Der Lockdown hat die Schulsozialarbeit schwierig gemacht - aber nicht unmöglich. Amber Bunk von der OBS Bassum kann sogar ein paar positive Aspekte nennen.

Bassum – Als der Lockdown den Betrieb an der Oberschule außer Kraft setzte und neben Schülern und Lehrern auch Schulsozialarbeiterin Amber Bunk ins Homeoffice schickte, fürchtete diese das Schlimmste. „Ich dachte mir, das gibt ein Desaster, das wird nicht gehen“, erinnert sich Bunk. „Schließlich lebt soziale Arbeit vom persönlichen Kontakt.“

Doch so schlimm, wie Bunk befürchtet hatte, wurde es gar nicht. „Es gab sogar positive Aspekte.“ Statt zu festen Zeiten in ihrem Büro in der Schule zu sitzen, richtete sie eine Art 24-Stunden-Rufbereitschaft ein, die sich auch auf das Wochenende, die Ferien und sogar Feiertage erstreckte.
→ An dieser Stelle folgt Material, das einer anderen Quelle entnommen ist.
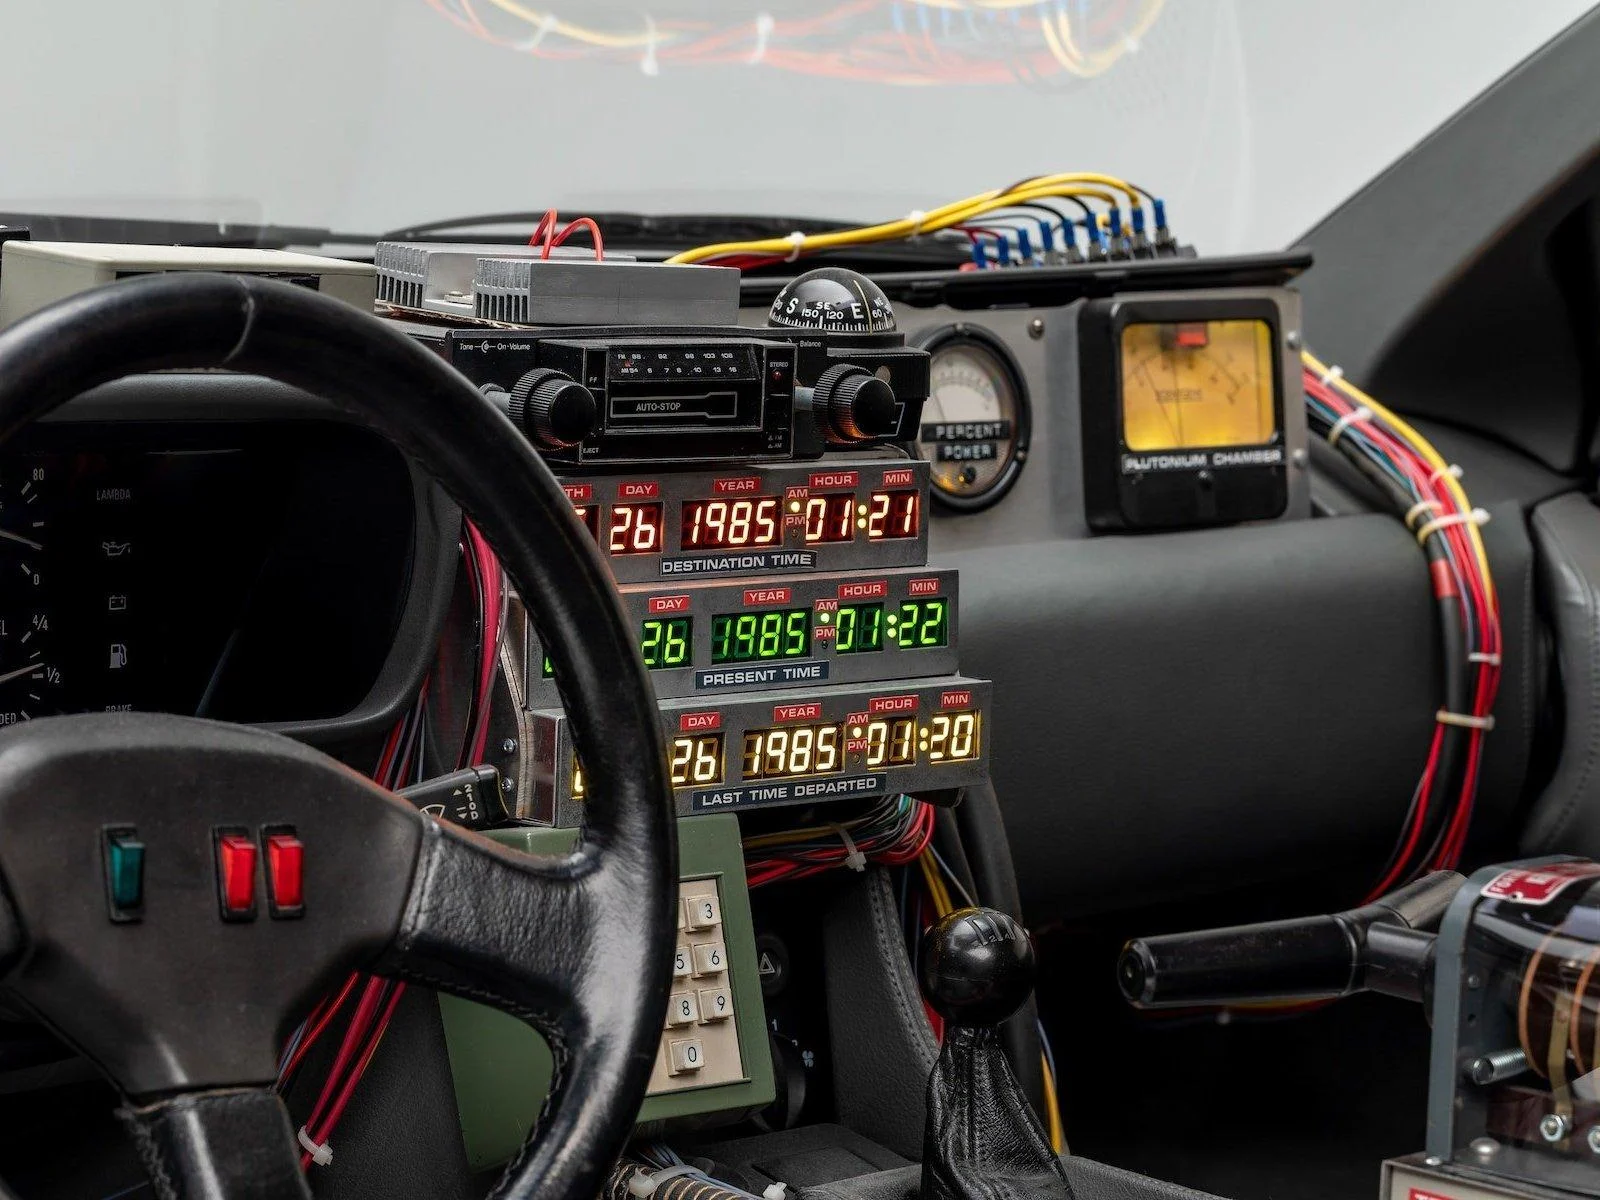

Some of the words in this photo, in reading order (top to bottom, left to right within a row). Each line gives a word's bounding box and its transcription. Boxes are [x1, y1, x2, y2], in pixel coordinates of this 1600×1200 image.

[786, 297, 799, 314] S
[815, 301, 831, 310] SE
[850, 302, 864, 319] E
[801, 308, 819, 318] 150
[826, 311, 844, 319] 120
[872, 308, 883, 318] 60
[800, 340, 822, 348] Balance
[636, 402, 681, 412] AUTO-STOP
[935, 423, 1002, 439] PERCENT
[944, 444, 991, 460] POWER
[1125, 454, 1206, 471] PLUTONIUM
[1212, 449, 1282, 466] CHAMBER
[33, 468, 45, 481] 80
[814, 474, 853, 486] HOUR
[885, 472, 910, 484] MIN
[626, 485, 652, 495] DAY
[719, 480, 755, 491] YEAR
[96, 489, 132, 500] LAMBDA
[788, 488, 808, 498] AM
[609, 507, 656, 551] 26
[690, 499, 776, 544] 1985
[786, 515, 806, 526] PM
[662, 554, 766, 573] DESTINATION
[771, 553, 812, 567] TIME
[33, 574, 40, 586] 0
[844, 584, 882, 596] HOUR
[911, 581, 936, 593] MIN
[749, 590, 786, 602] YEAR
[656, 598, 683, 610] DAY
[817, 601, 838, 611] AM
[816, 627, 836, 638] PM
[641, 622, 685, 665] 26
[721, 613, 806, 657] 1985
[703, 670, 777, 686] PRESENT
[783, 667, 821, 679] TIME
[874, 698, 913, 711] HOUR
[943, 693, 968, 705] MIN
[779, 706, 816, 718] YEAR
[687, 715, 715, 727] DAY
[848, 714, 869, 725] AM
[847, 740, 867, 751] PM
[671, 740, 716, 783] 26
[753, 727, 836, 774] 1985
[464, 784, 473, 793] 2
[702, 791, 740, 806] LAST
[749, 787, 787, 800] TIME
[794, 777, 877, 797] DEPARTED
[467, 794, 473, 802] 1
[705, 903, 713, 919] 3
[676, 953, 685, 969] 5
[711, 951, 720, 965] 6
[682, 1000, 690, 1016] 8
[717, 996, 726, 1011] 9
[687, 1046, 697, 1063] 0
Die besteht noch heute, obwohl die Schule in den Präsenzunterricht zurückgekehrt ist, denn Bunk muss aus gesundheitlichen Gründen nach wie vor zuhause bleiben.

Wenn Schüler, Lehrer oder Eltern sich schriftlich bei ihr melden, bekommen sie innerhalb von 24 Stunden eine Rückmeldung. Und das klappt sehr gut. „Ich stelle fest, dass die Bereitschaft zu schreiben viel größer ist, als persönlich herzukommen und zu reden“, erklärt Bunk.
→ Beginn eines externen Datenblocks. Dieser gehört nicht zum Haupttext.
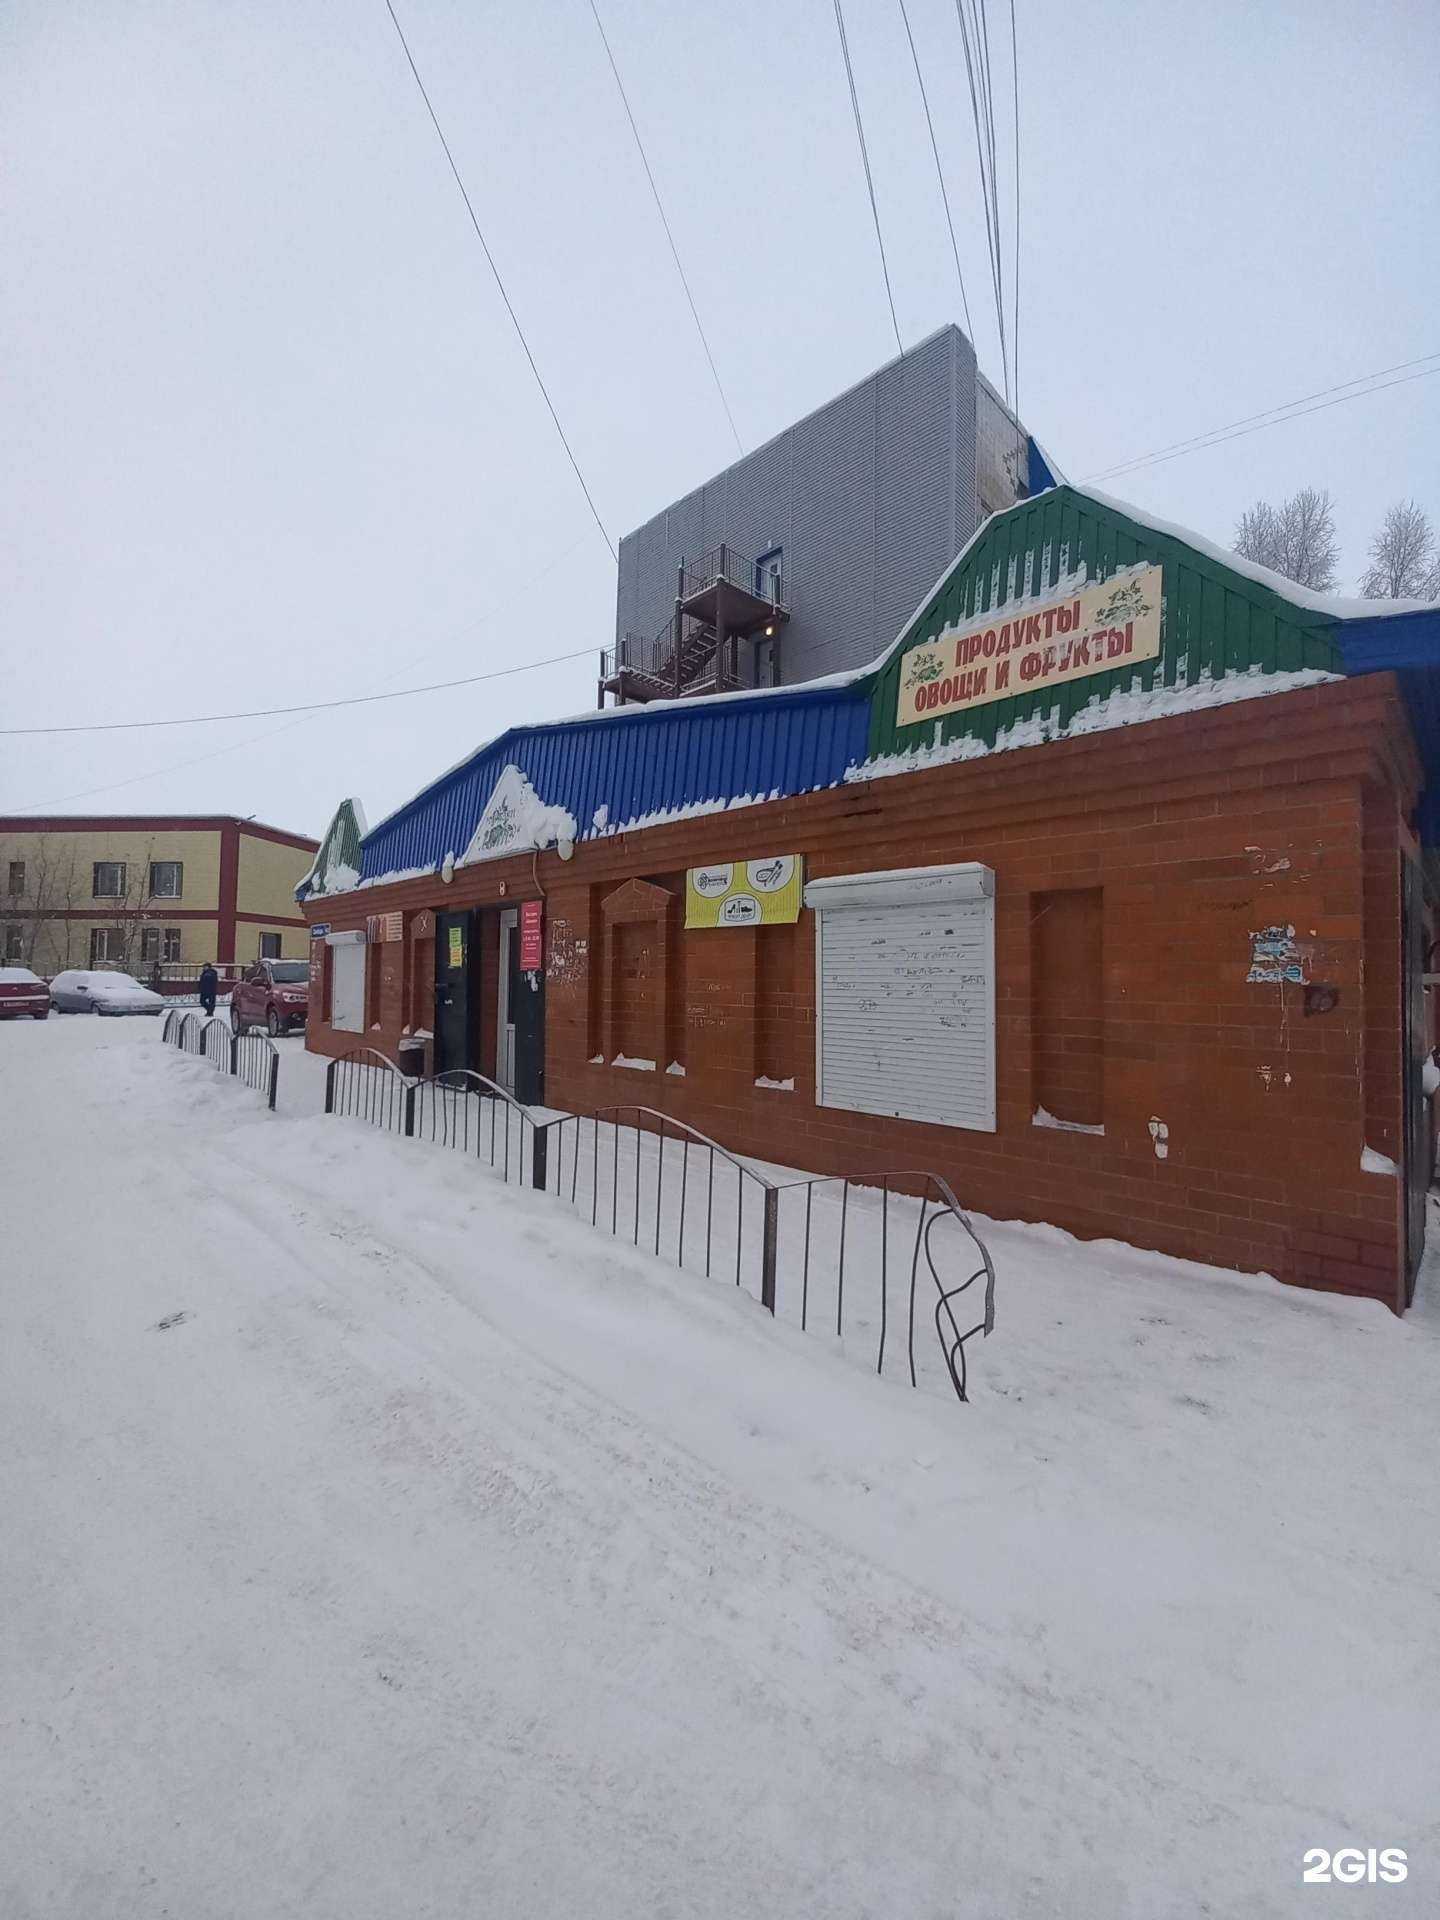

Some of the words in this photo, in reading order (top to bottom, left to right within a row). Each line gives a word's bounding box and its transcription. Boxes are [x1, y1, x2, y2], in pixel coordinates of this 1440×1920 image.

[955, 600, 1081, 668] ПРОДУКТЫ
[914, 667, 987, 712] ОВОЩИ
[995, 659, 1010, 690] И
Schüler müssen nicht mehr warten

Für die Schüler sei es natürlich hilfreich, dass sie nicht erst bis zu den Sprechzeiten warten müssen, um ihr Herz auszuschütten, sondern sich sofort melden können. „Die Probleme sind meist aktuell. Und dann suchen die Schüler auch mal am Ostersonntag den Kontakt.“ Was Bunk auffällt: Ihre Schützlinge nutzen das Angebot nicht dafür, um über Nebensächlichkeiten zu schimpfen. Wenn sie sich melden, dann brauchen sie wirklich jemanden, der zuhört und hilft.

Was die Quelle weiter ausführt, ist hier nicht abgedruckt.